#### Given records:
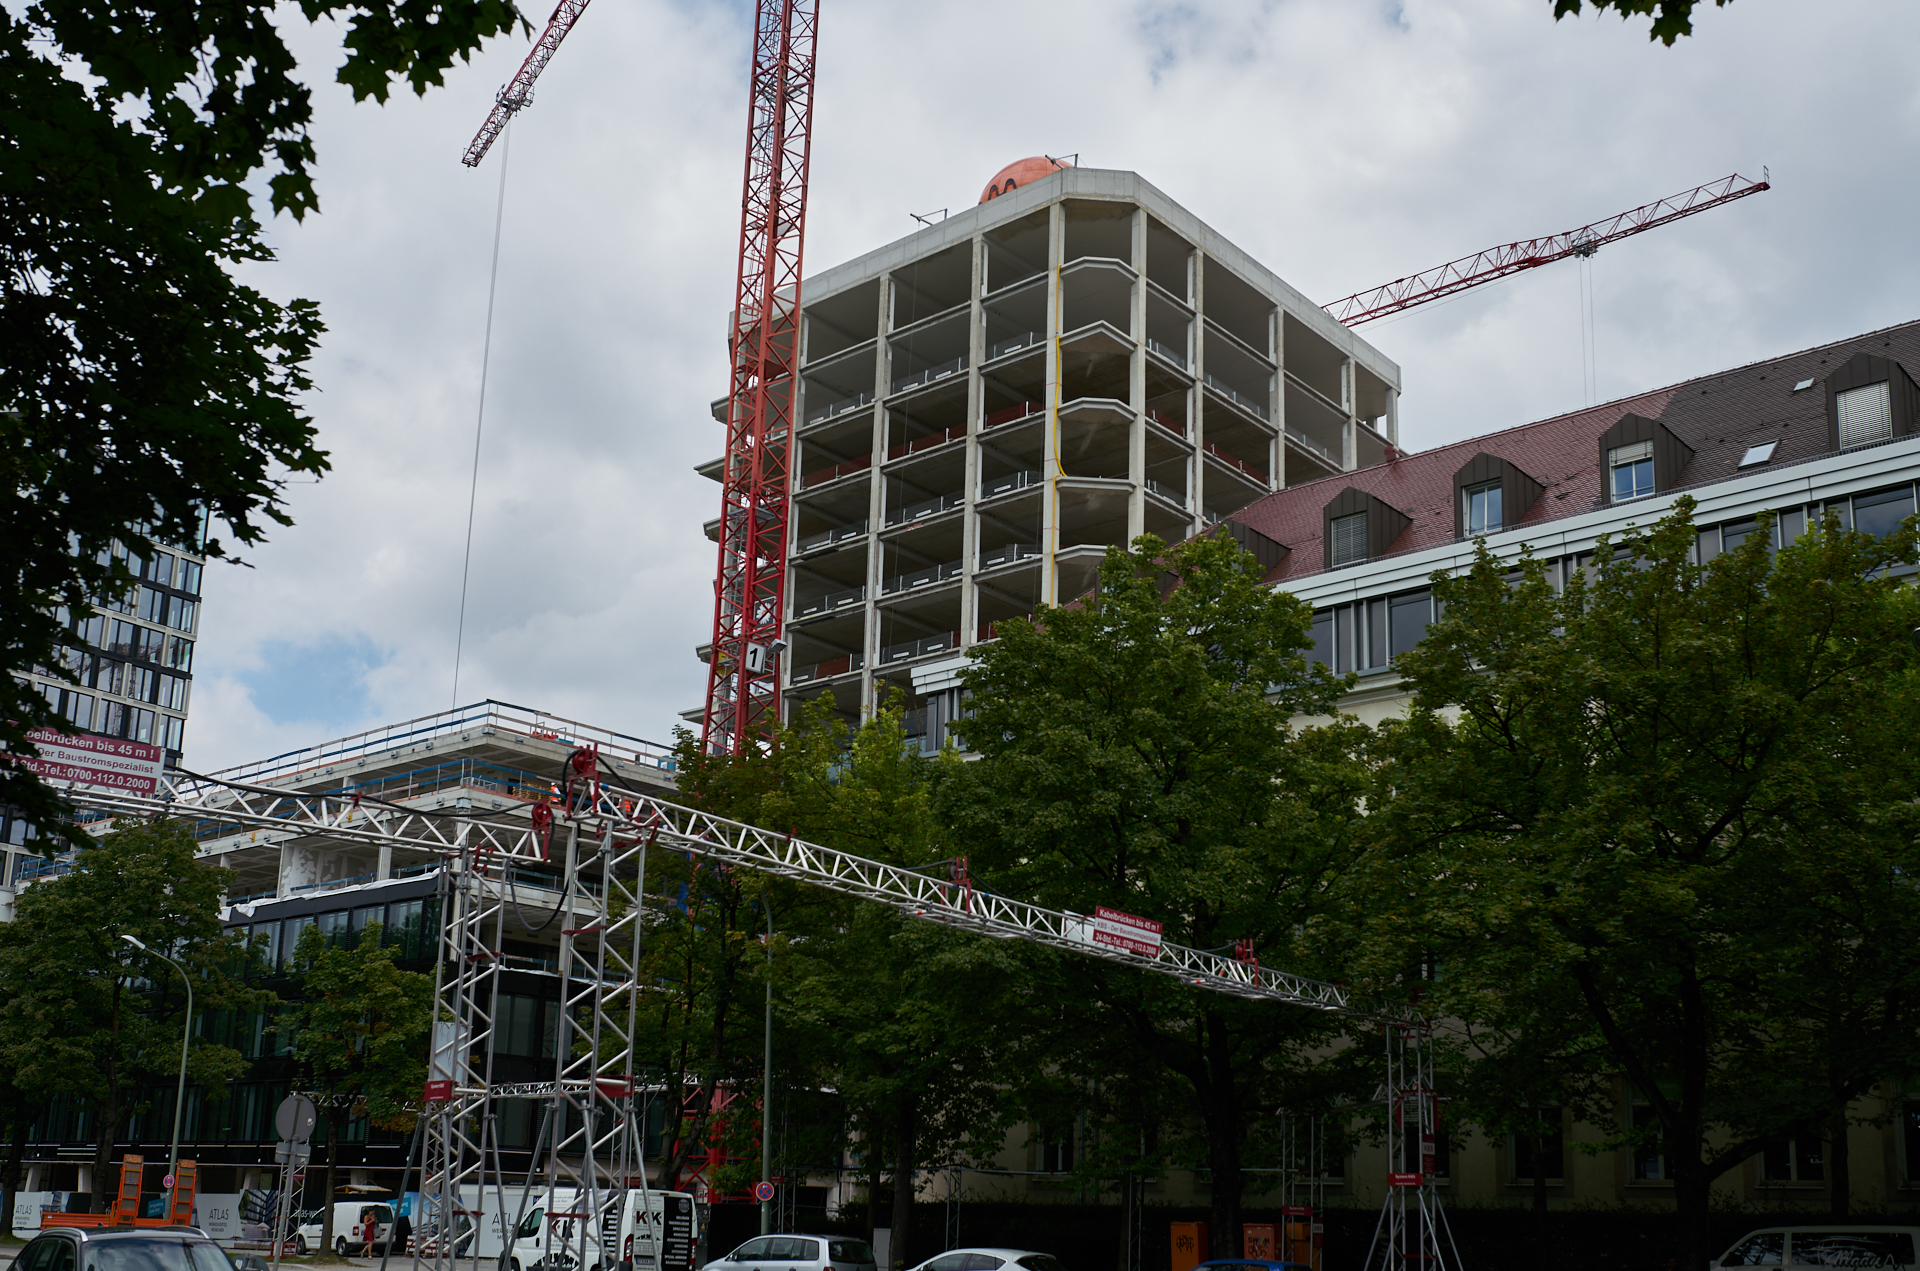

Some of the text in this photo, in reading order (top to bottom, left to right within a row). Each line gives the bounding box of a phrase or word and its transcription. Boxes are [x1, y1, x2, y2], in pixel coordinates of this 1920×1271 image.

[750, 648, 758, 667] 1
[97, 739, 116, 753] bis
[119, 744, 133, 756] 45
[136, 749, 147, 758] m
[57, 751, 154, 773] Baustromspezialist
[1100, 910, 1135, 925] Kabelbrücken
[1136, 919, 1144, 928] bis
[1097, 922, 1108, 930] KBS
[1111, 924, 1119, 933] Der
[1120, 927, 1159, 943] Baustromspezialist
[15, 1204, 33, 1215] ATLAS
[209, 1208, 230, 1220] ATLAS
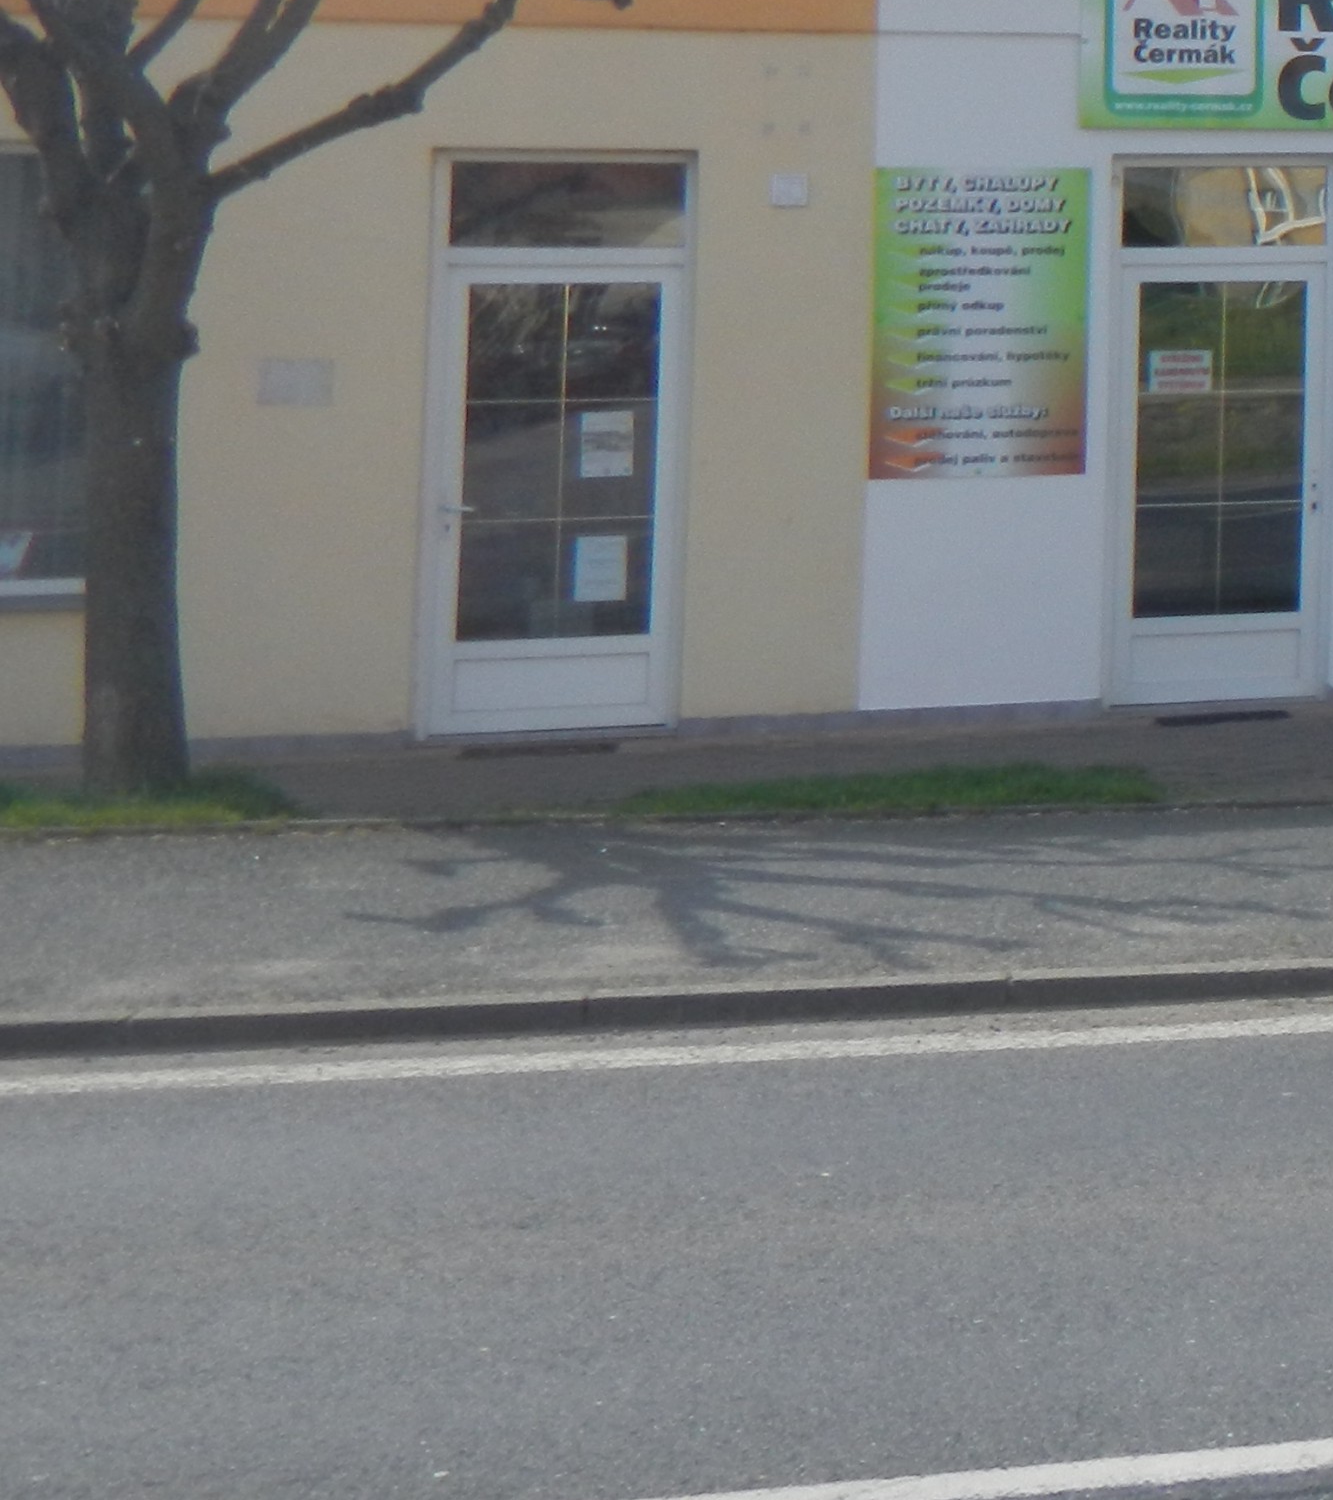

#### What is being asked:
Pictures included in the data should be dropped; everything else must be repeated exactly.

#### Final answer:
Some of the text in this photo, in reading order (top to bottom, left to right within a row). Each line gives the bounding box of a phrase or word and its transcription. Boxes are [x1, y1, x2, y2], in pixel coordinates of this 1920×1271 image.

[750, 648, 758, 667] 1
[97, 739, 116, 753] bis
[119, 744, 133, 756] 45
[136, 749, 147, 758] m
[57, 751, 154, 773] Baustromspezialist
[1100, 910, 1135, 925] Kabelbrücken
[1136, 919, 1144, 928] bis
[1097, 922, 1108, 930] KBS
[1111, 924, 1119, 933] Der
[1120, 927, 1159, 943] Baustromspezialist
[15, 1204, 33, 1215] ATLAS
[209, 1208, 230, 1220] ATLAS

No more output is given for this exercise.